In order to know what is happening on the Irish left it is pretty well mandatory to be involved in an organisation or have a DM group with a few centrally-located heads who like to gossip. It is for this reason that we need more politically engaged Irish publications. Rupture, both the podcast and magazine, represent a progressive step in this direction. Its being published by the RISE network in Ireland’s largest socialist party, People Before Profit, ensures its orientation towards political and strategic questions, rather than the requirements of branding or clout alone. It may even in time develop into a vehicle sufficient for the debate over tatics and strategy that the Irish left is desperately in need of in order to achieve the 32 county socialist republic.

Note: The NLR’s use of the phrase ‘Northern Ireland’ and even worse, ‘Ulster’ to refer to the six counties is endemic. I have made the attempt to denote each faulty instance with ‘[sic]’ which may be annoying to read.

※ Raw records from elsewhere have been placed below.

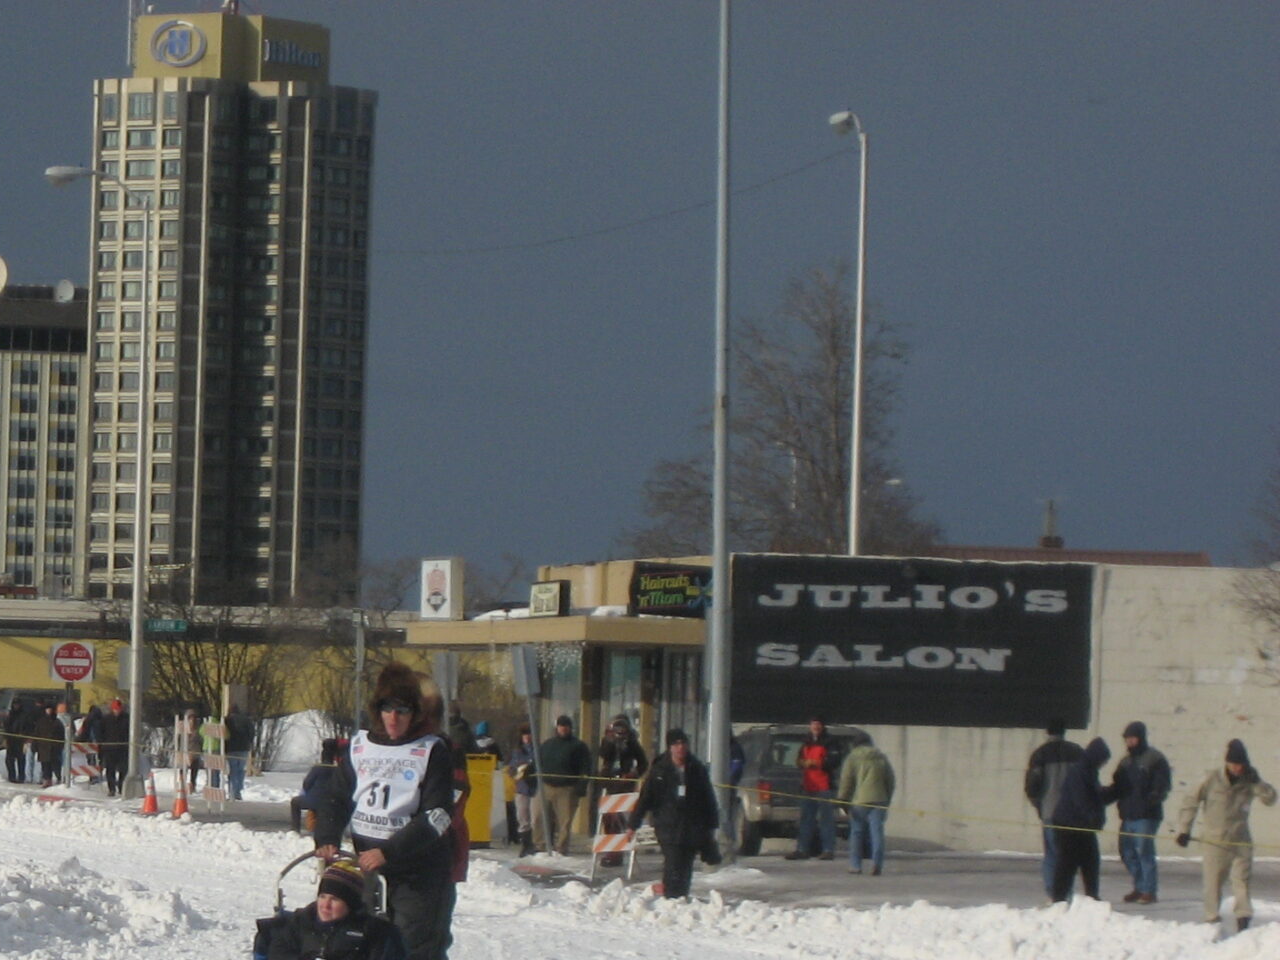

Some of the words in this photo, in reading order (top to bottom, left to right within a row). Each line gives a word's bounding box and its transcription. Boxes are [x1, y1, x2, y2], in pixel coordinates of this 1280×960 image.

[757, 579, 1068, 613] JULIO'S
[59, 649, 69, 657] DO
[72, 649, 87, 657] NOT
[756, 642, 1012, 672] SALON
[61, 666, 84, 674] ENTER

However insisting in specificity in the use of these terms is more than mere legitimism. The Anglo-Irish Treaty of 1921 imposed a border on the island of Ireland, separating six counties in the island’s north-eastern corner — Antrim, Armagh, Derry, Down, Fermanagh and Tyrone — from the other twenty-six counties. This was undertaken in order to secure British imperialism on the island as well as to bolster the unionist dispensation within this synthetic construction. As this border violates the terms of the Irish Republic, declared as an all-Ireland state in 1916, the titles one uses in order to refer to either of these entities ascribe legitimacy, either to the Republic locating itself in a broader history of anti-imperialist struggle, or the border imposed on the island which overturned the will of the Irish people, as expressed in the election of 1918.

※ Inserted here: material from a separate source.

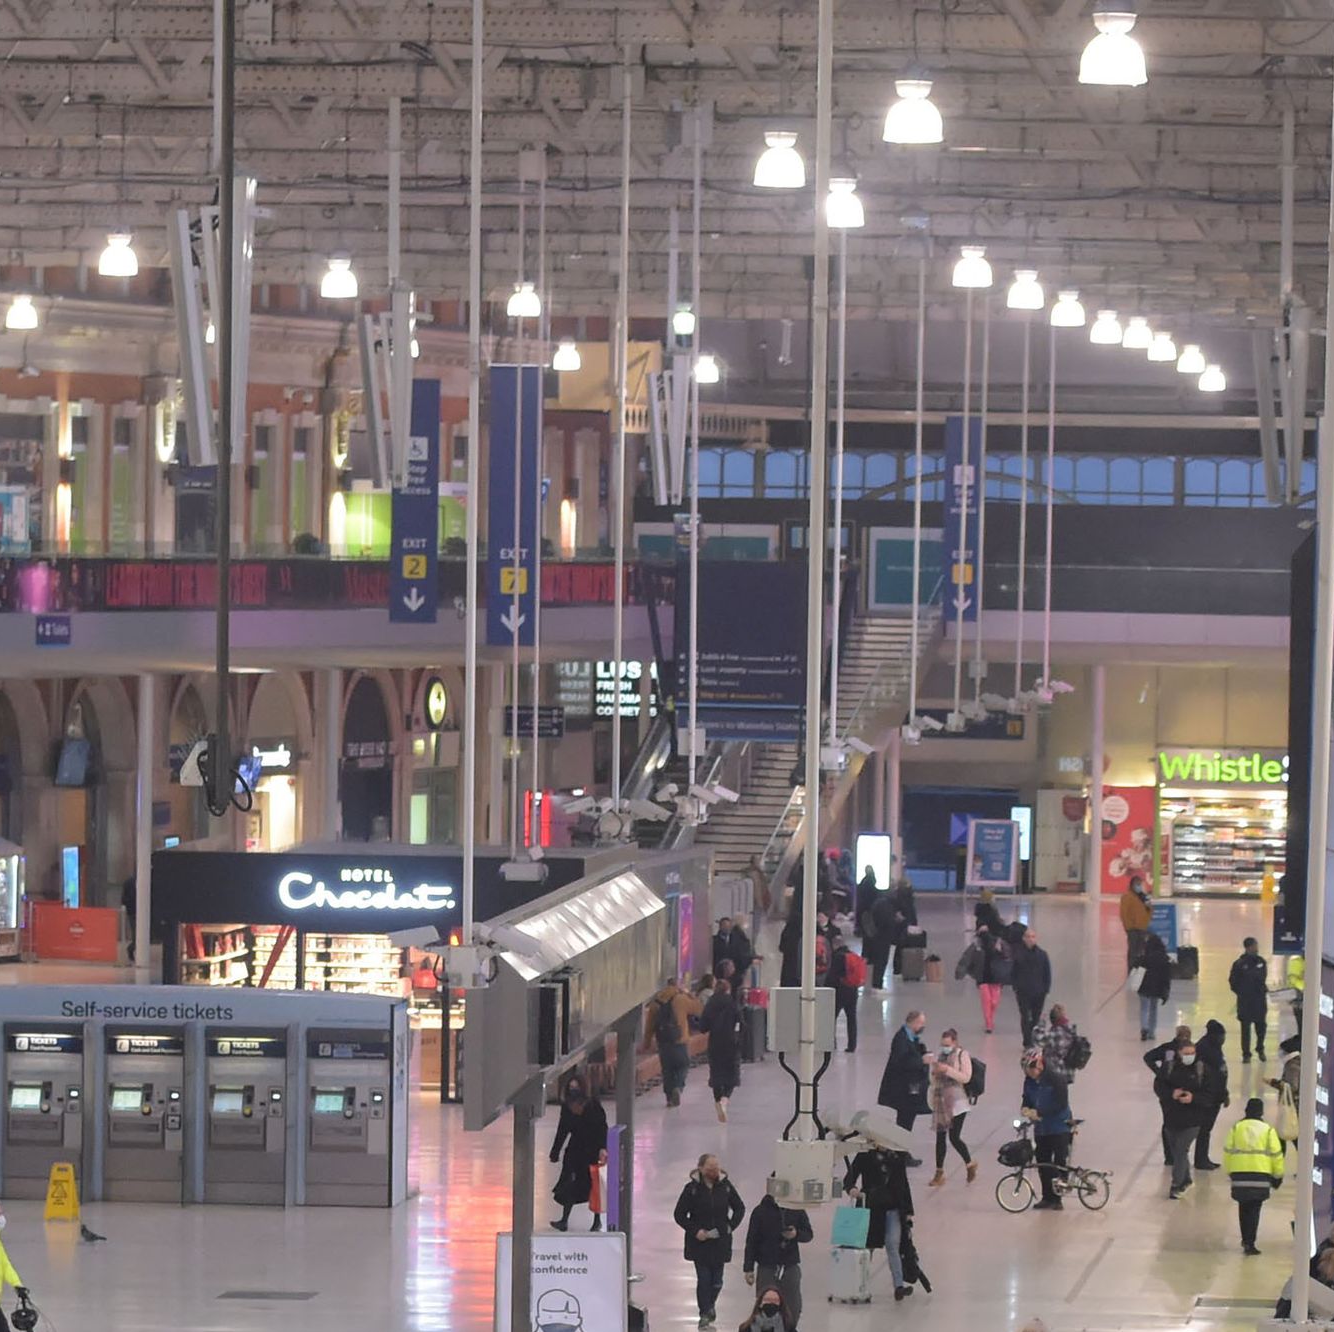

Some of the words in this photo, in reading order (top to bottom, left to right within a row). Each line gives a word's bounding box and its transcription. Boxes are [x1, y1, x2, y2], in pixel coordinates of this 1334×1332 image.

A Fine Gael-Labour coalition government declared the twenty-six county state to be the Republic of Ireland in 1949, but for many Republicans this ratifies the idea that two separate states exist on the island and that the Republic possesses no territorial claims on the six counties. For those who accept the legitimacy of partition, the six-county state in the north is referred to as ‘Northern Ireland’, while Republicans opt for ‘the six counties’, ‘the northern statelet’ or ‘the occupied territories’. While those who accept the legitimacy of the twenty-six county state would refer to it as ‘The Republic of Ireland’ or ‘the Republic’, Republicans would refer to it as ‘the twenty-six counties’, ‘the south’ or ‘The Free State’. I myself use either ‘the twenty-six counties’ or ‘the six counties’.

The six-county statelet is not in any sense ‘the North of Ireland’ as it does not contain a number of Ireland’s most northerly counties. The twenty-six county statelet is not ‘Southern Ireland’ or ‘The South’; the twenty-six counties are 85% of the area of the island. It is Ireland’s North, East, South and West. The six counties were and remain a synthetic invention, carved out of the Irish nation in order to construct a herrenvolk proto-fascist democracy; euphemisms depending on invented geography can only erase this fact.